Goal of the exercise » The records below must be repeated exactly, but without their pictures.

Supplied data »
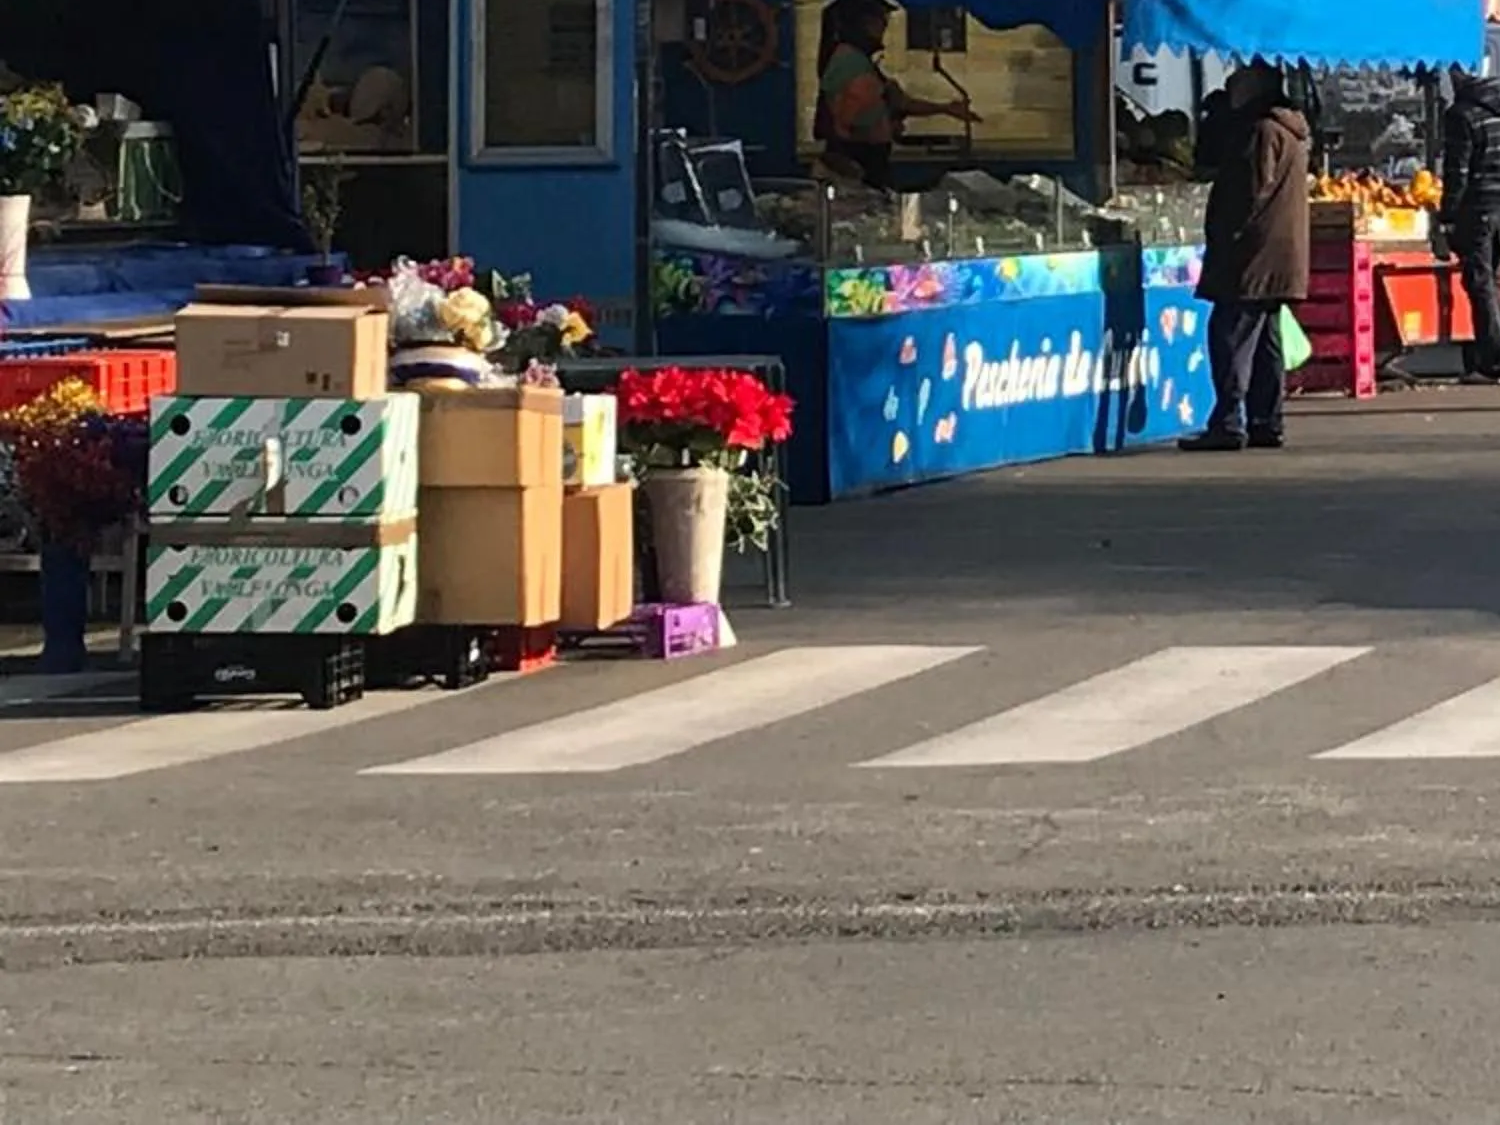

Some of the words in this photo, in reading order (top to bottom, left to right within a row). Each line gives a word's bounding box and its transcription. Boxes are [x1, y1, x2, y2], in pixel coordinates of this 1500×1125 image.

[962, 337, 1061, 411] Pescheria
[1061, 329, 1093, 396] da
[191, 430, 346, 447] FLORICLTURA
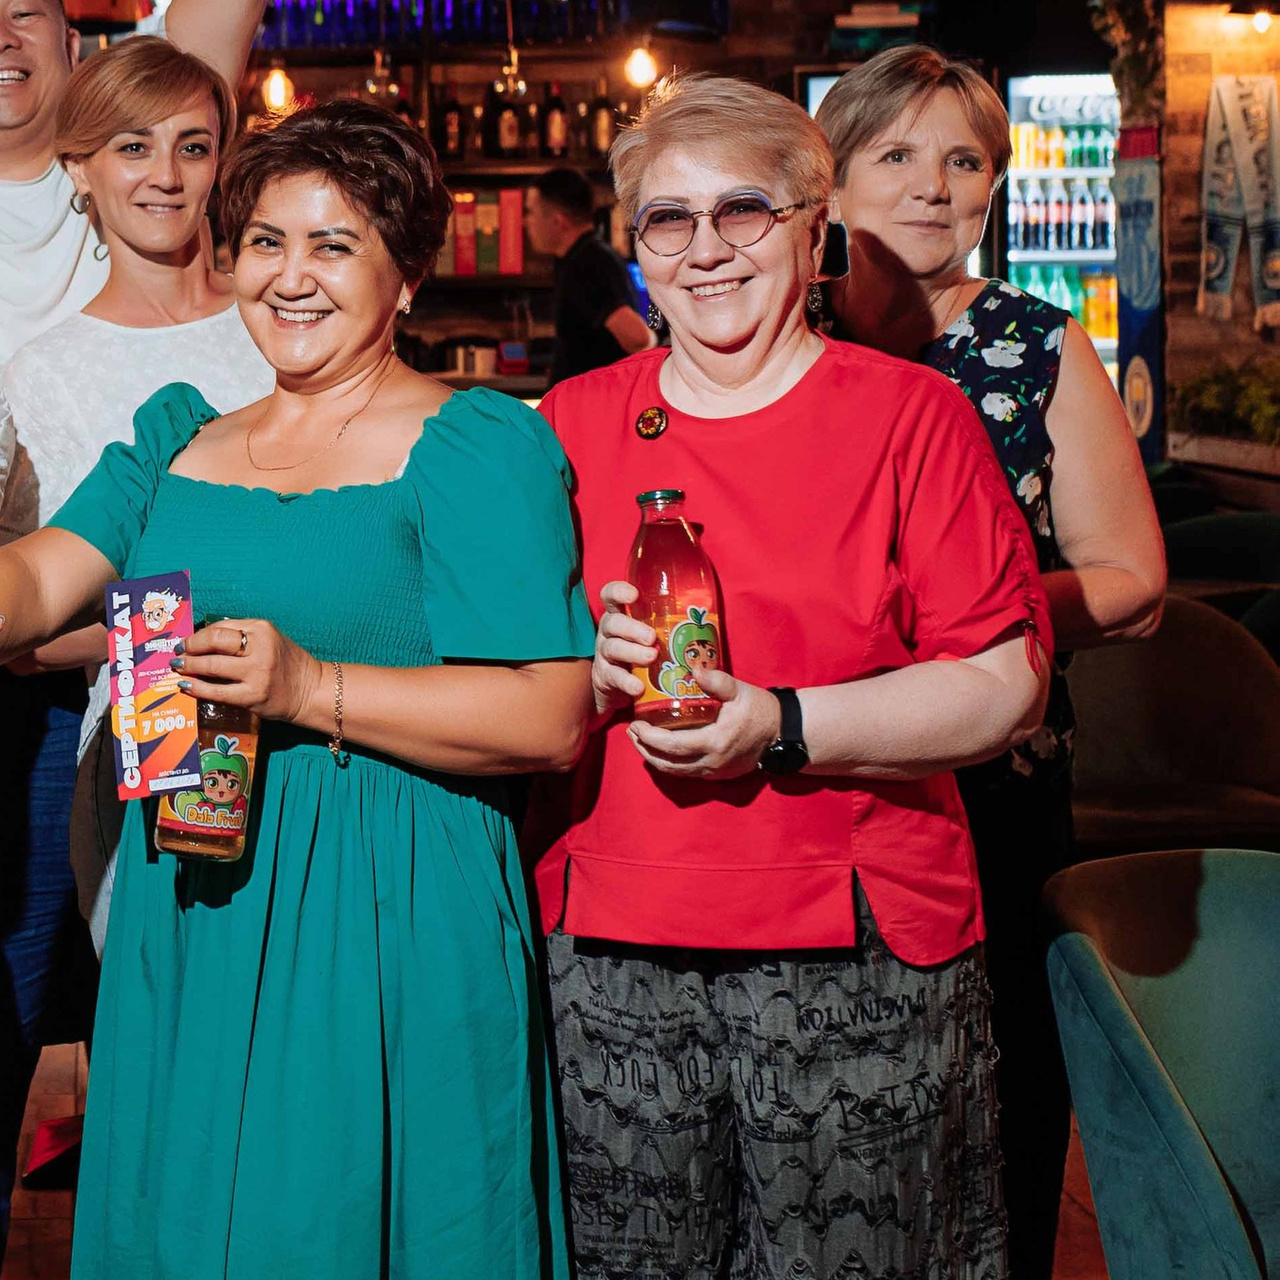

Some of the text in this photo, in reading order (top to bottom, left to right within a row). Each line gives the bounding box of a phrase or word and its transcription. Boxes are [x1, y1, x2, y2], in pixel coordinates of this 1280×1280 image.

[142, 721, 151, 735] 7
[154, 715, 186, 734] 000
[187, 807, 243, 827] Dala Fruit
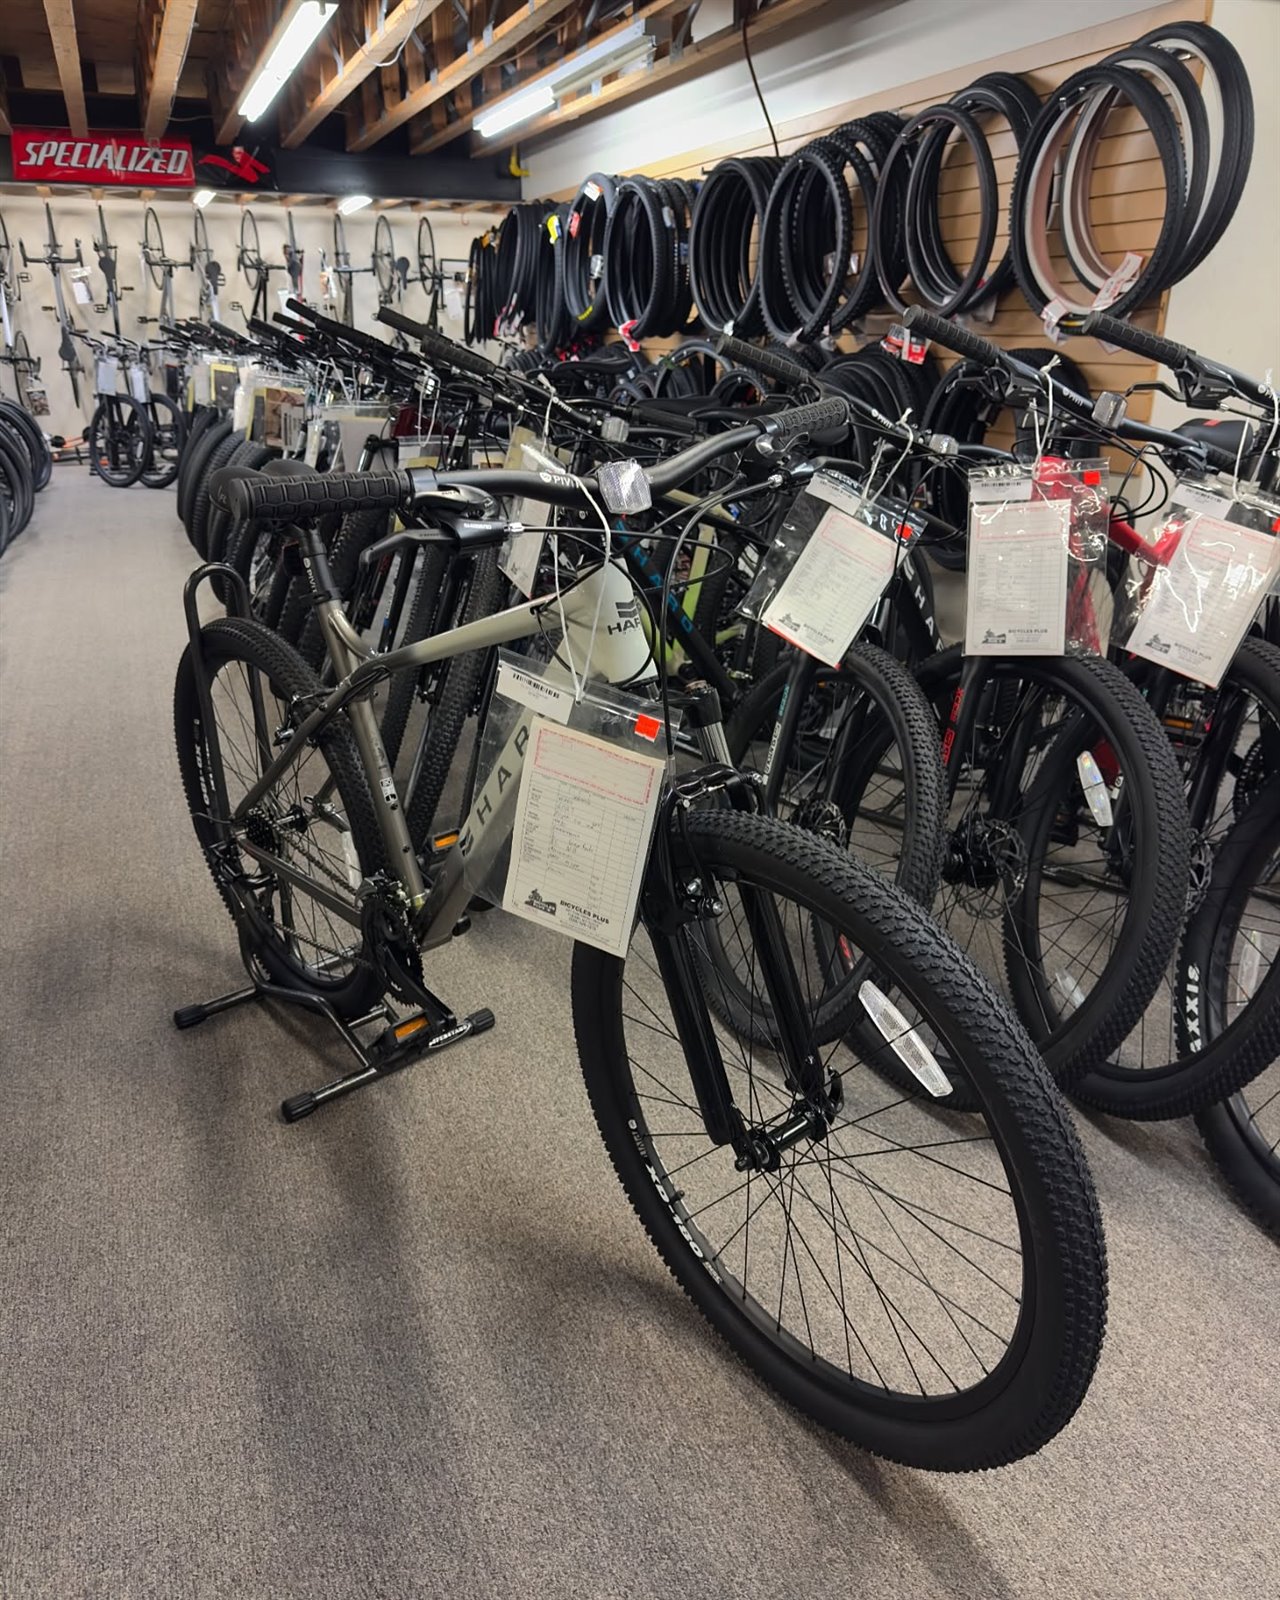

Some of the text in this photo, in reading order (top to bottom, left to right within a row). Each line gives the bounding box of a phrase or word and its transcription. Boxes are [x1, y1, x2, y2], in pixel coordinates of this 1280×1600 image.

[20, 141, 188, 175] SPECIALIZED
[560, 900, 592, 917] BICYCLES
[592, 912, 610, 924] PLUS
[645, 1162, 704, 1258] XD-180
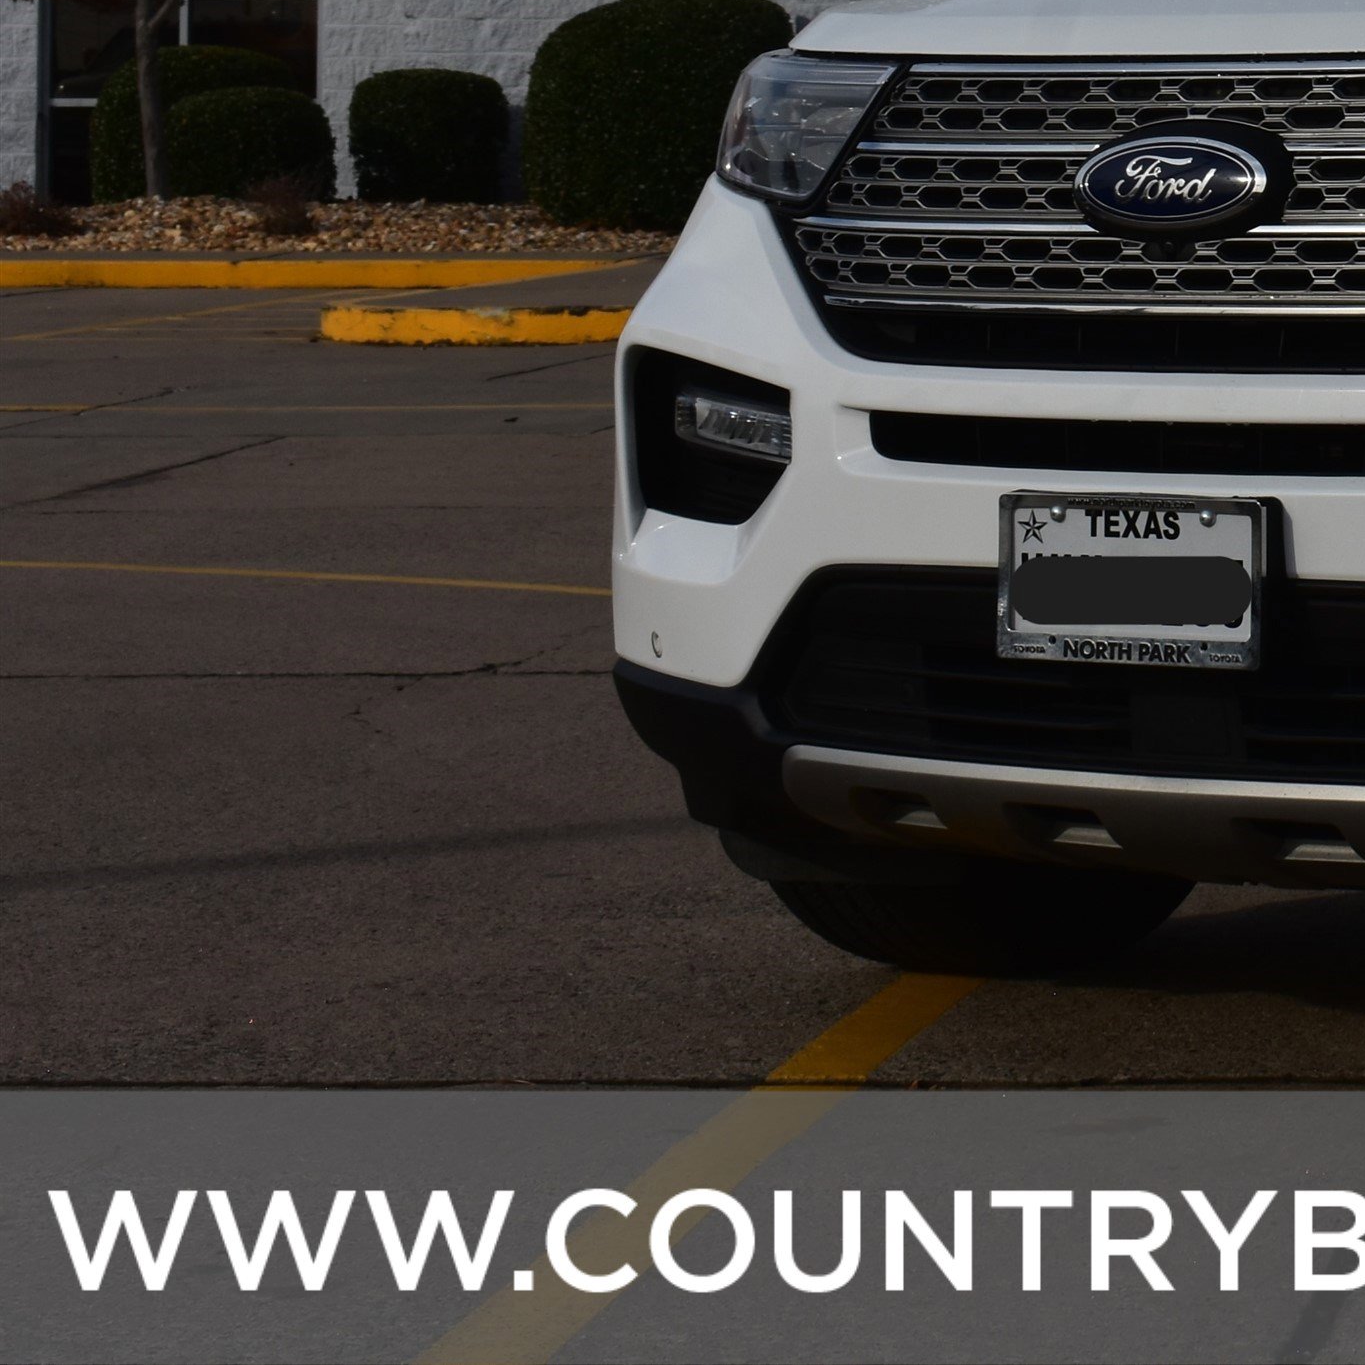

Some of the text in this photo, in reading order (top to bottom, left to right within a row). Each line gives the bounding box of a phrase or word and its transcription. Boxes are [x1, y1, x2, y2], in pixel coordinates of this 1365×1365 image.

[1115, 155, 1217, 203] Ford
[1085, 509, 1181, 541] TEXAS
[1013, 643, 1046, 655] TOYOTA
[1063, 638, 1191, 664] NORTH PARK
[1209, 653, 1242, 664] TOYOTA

Result of this task »
Some of the words in this photo, in reading order (top to bottom, left to right within a row). Each line gives a word's bounding box and its transcription. Boxes are [x1, y1, x2, y2], in pixel coordinates of this 1500×1125 image.

[962, 337, 1061, 411] Pescheria
[1061, 329, 1093, 396] da
[191, 430, 346, 447] FLORICLTURA

Some of the text in this photo, in reading order (top to bottom, left to right within a row). Each line gives the bounding box of a phrase or word and its transcription. Boxes are [x1, y1, x2, y2], in pixel coordinates of this 1280×1280 image.

[142, 721, 151, 735] 7
[154, 715, 186, 734] 000
[187, 807, 243, 827] Dala Fruit

Some of the text in this photo, in reading order (top to bottom, left to right within a row). Each line gives the bounding box of a phrase or word and its transcription. Boxes are [x1, y1, x2, y2], in pixel coordinates of this 1280×1600 image.

[20, 141, 188, 175] SPECIALIZED
[560, 900, 592, 917] BICYCLES
[592, 912, 610, 924] PLUS
[645, 1162, 704, 1258] XD-180

Some of the text in this photo, in reading order (top to bottom, left to right within a row). Each line gives the bounding box of a phrase or word and its transcription. Boxes are [x1, y1, x2, y2], in pixel coordinates of this 1365×1365 image.

[1115, 155, 1217, 203] Ford
[1085, 509, 1181, 541] TEXAS
[1013, 643, 1046, 655] TOYOTA
[1063, 638, 1191, 664] NORTH PARK
[1209, 653, 1242, 664] TOYOTA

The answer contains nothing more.